Но не только о страшном лагерном духовном опыте говорил этот необыкновенный лауреат. В той, давней уже, Нобелевской лекции есть слова и о бессмертии искусства («и ошибались, и ошибутся все предсказатели, что искусство разложится, изживет свои формы, умрет. Умрем — мы, а оно — останется. И еще поймем ли мы до нашей гибели все стороны и все назначенья его?»), и о единстве мира («обнадежном» и «опасном» единстве), и о катке глобализма, надвигающемся на человечество («исчезновение наций обеднило бы нас не меньше, чем если бы все люди уподобились в один характер, в одно лицо. Нации — это богатство человечества, это обобщенные личности его; самая малая из них несет свои особые краски, таит в себе особую грань Божьего замысла»), и о крайнем политическом озлоблении современного мира («пещерное неприятие компромиссов введено в теоретический принцип и считается добродетелью ортодоксальности»), и о серьезных проблемах мира «свободной рыночной экономики» («амплитуда швыряний западного общества, как видится со стороны, приближается к тому пределу, за которым система становится метастабильной и должна развалиться»).

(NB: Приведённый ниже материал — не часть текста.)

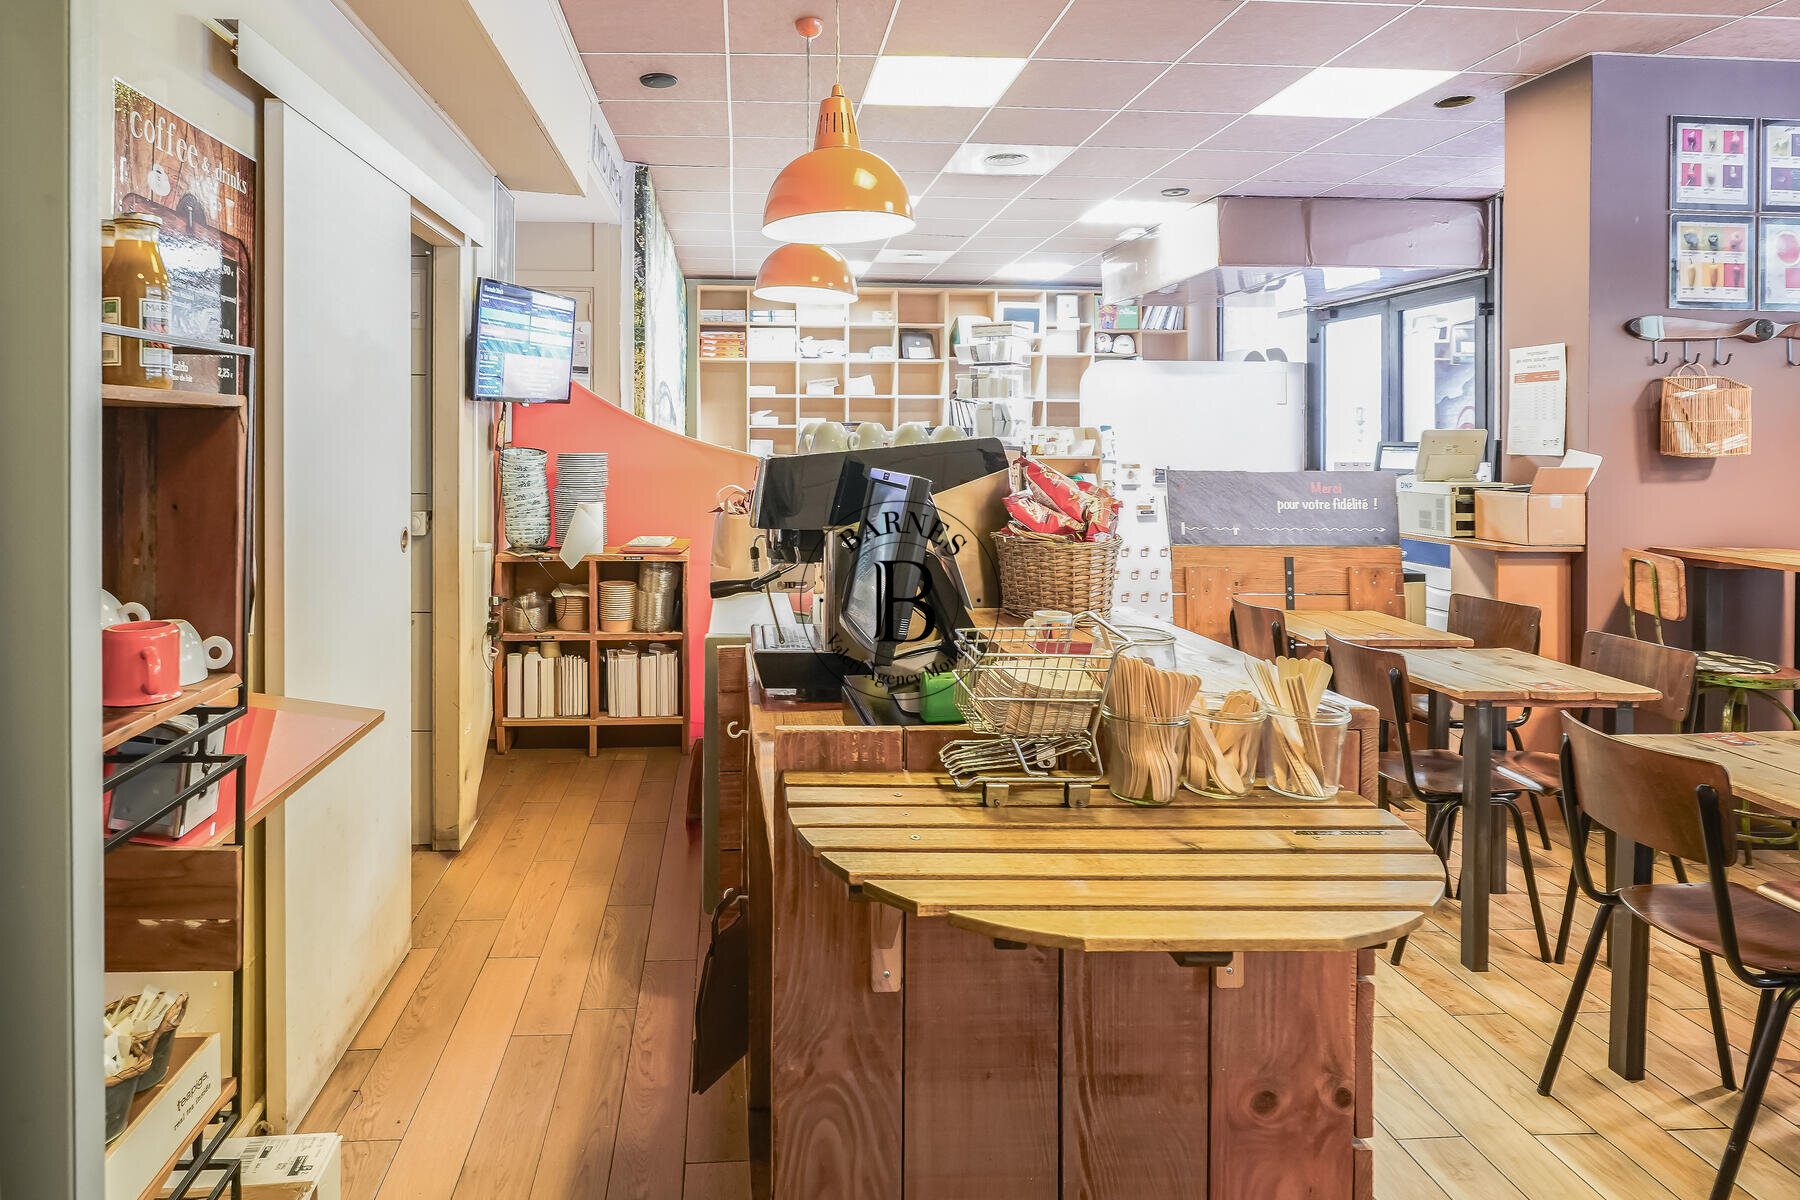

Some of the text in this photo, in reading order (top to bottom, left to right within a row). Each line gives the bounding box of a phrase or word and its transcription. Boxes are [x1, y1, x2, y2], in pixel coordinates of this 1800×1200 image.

В мотивации присуждения Нобелевской премии именно Солженицыну Комитет Шведской академии говорил о «впечатляющем развитии гуманистических традиций великой русской литературы» в его творчестве. Той литературы, которая, если использовать слова самого писателя, верила, что «одно слово правды весь мир перетянет». Казалось бы, невостребованность Александра Исаевича и его идей в нынешней России (для многих он — «забытый» или «опоздавший» пророк) — доказательство наивности такой веры. Но стоит ли спешить с выводами?